Information Theory for Signal Analysis (ITSA)
This toolbox illustrates the use of auto-mutual information (mutual information between subsets of the same signal) and entropy rate as powerful tools to assess refined dependencies of any order in signal temporal dynamics.
It shows how two-point auto-mutual information and entropy rate unveil information conveyed by higher order statistic and thus capture details of temporal dynamics that are overlooked by the (two-point) correlation function. Notably, it presents how Auto Mutual Information (and entropy rate) permits to discriminate between several different non Gaussian processes, having exactly the same marginal distribution and covariance function.
Further, this toolbox proposes a generalization to multi-point auto-correlation that is able to assess higher order statistics and unveils the global dependence structure.
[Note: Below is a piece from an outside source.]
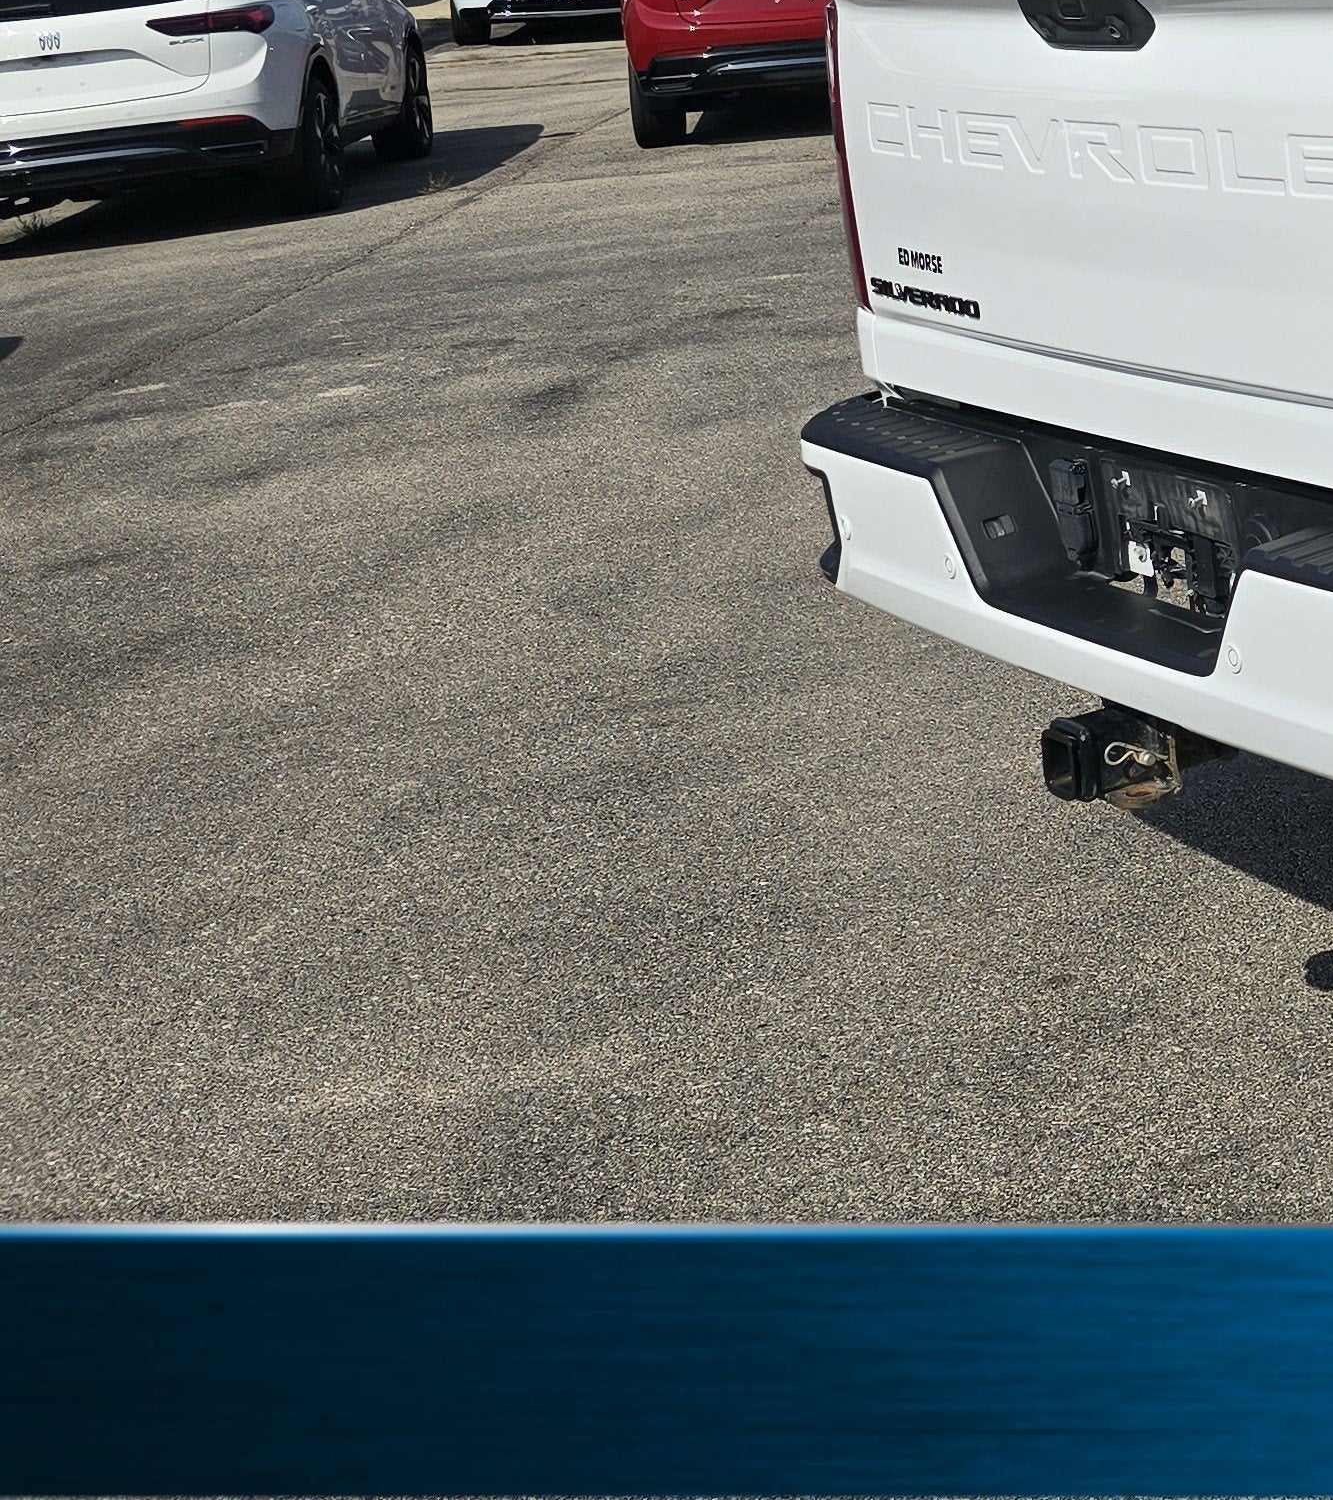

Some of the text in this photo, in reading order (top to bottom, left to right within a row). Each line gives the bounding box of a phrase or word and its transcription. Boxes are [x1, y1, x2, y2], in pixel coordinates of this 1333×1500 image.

[897, 247, 943, 274] ED MORSE
[870, 276, 981, 320] SILVERADO
This methodology has been developed at ENS de Lyon during the PhD of Carlos Granero Belinchon under the supervision of Stéphane G. Roux and Nicolas B. Garnier, and has been described and used in the following articles :
- C. Granero-Belinchon, S.G. Roux, P. Abry and N. B. Garnier. "Probing high order dependencies with information theory."
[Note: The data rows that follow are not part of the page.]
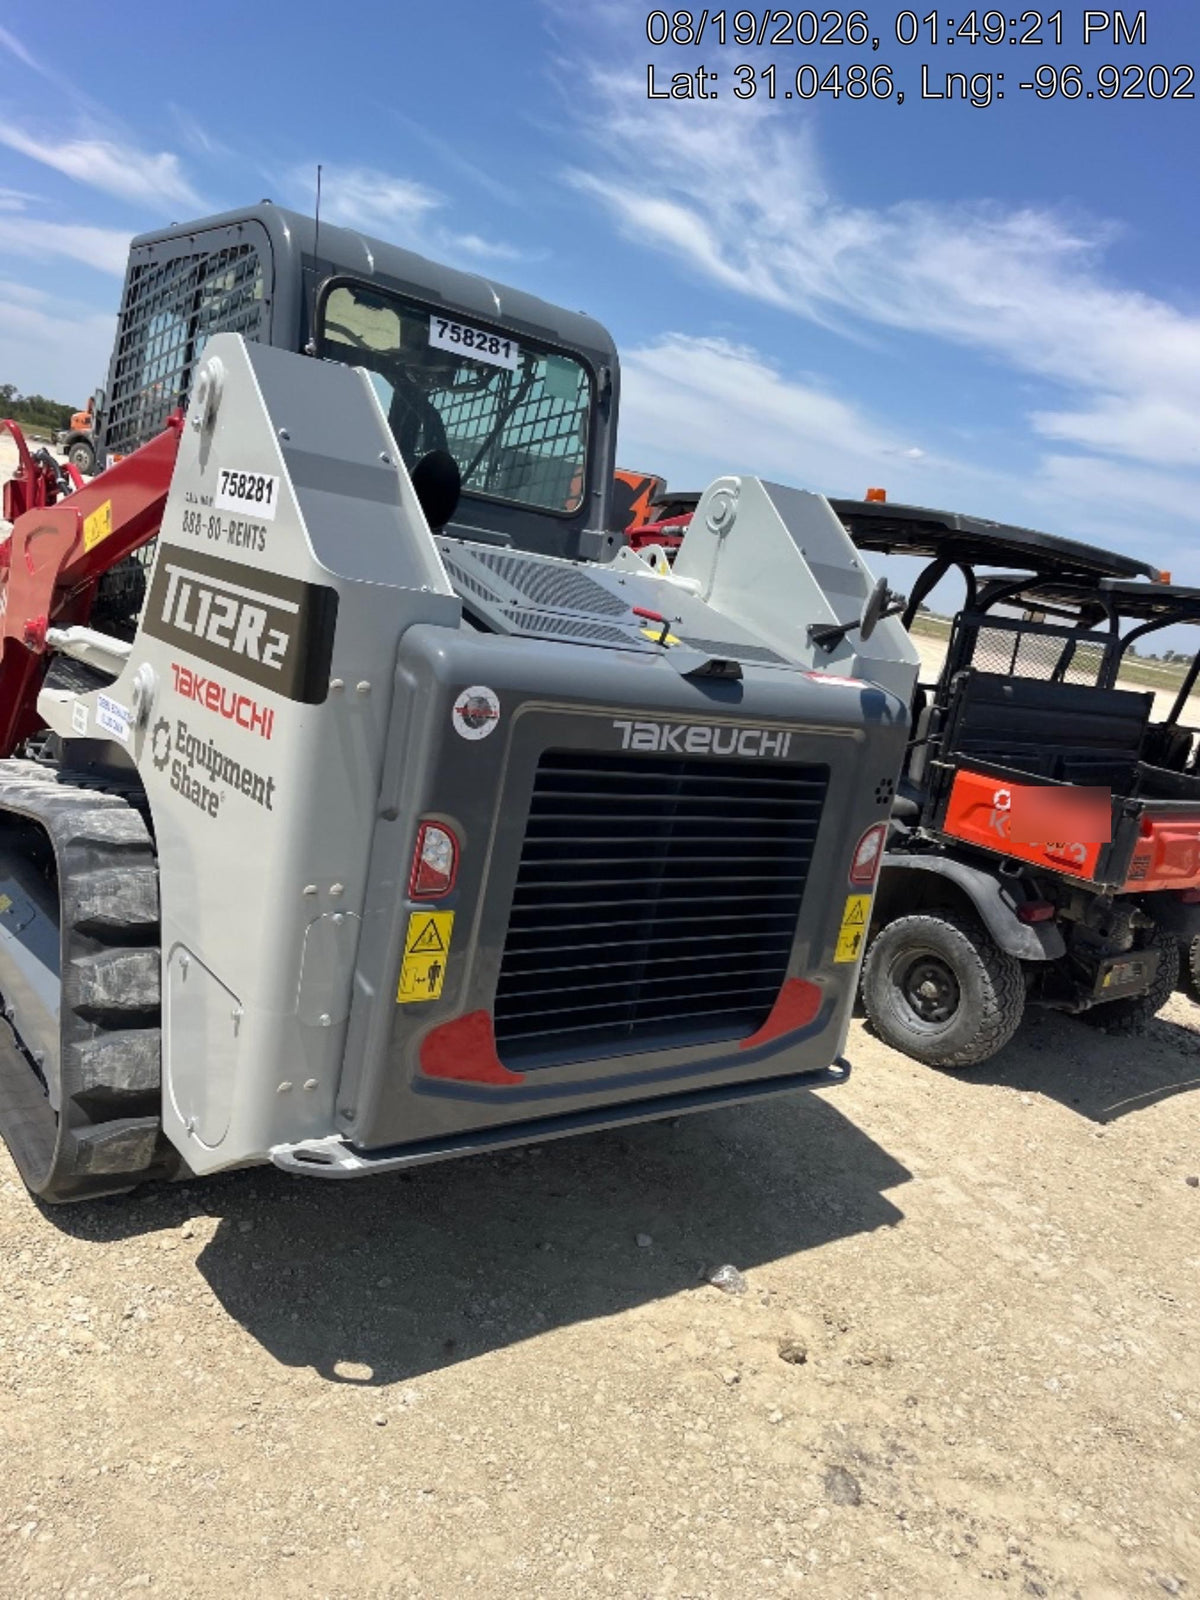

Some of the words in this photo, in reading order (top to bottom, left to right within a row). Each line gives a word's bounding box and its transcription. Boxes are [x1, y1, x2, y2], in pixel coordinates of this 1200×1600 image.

[437, 319, 512, 359] 758281
[221, 471, 275, 504] 758281
[182, 509, 267, 552] 888-80-RENTS
[160, 563, 299, 671] TL12R2
[169, 758, 220, 818] Share
[175, 719, 276, 811] Equipment
submitted to IEEE Signal processing, october 2018.
- C. Granero-Belinchon, S.G. Roux and N. B. Garnier. "Kullback-Leibler divergence measure of intermittency: Application to turbulence." Phys. Rev. E, vol. 97 (1), 013107, 2018.
- C. Granero-Belinchon, S.G. Roux and N. B. Garnier. "Scaling of information in turbulence." EPL, vol. 115 (5), 58003, 2016.
- C. Granero-Belinchon, S.G. Roux, P. Abry, M. Doret and N. B. Garnier. "Information Theory to Probe Intrapartum Fetal Heart Rate Dynamics."
Entropy, vol. 19(12), 640, 2017.
This Matlab toolbox uses the fonction knnsearch which requires the "statistics" toolbox to be installed within Matlab. This toolbox is not suitable for analyzing large dataset but it's provided as a proof of concept.
Content.
The toolbox contains the following scripts :
- analyse_whitenoise.m : compute entropy rate and auto mutual information at differents lags for Gaussian and log-normal white noise.
- analyse_invariantnoise.m : compute entropy rate and auto mutual information at differents lags for two log-normal
with same marginal and same autocovariance.
the following functions :
- compute_entropy.m : computes the Shannon entropy of a signal for different embedding dimensions and time lags.
- compute_AMI.m : compute auto mutual informaion of a signal for different embedding dimensions and time lags.
- embed.m : embeds a one dimensional signal.
and a directory
data with some processes.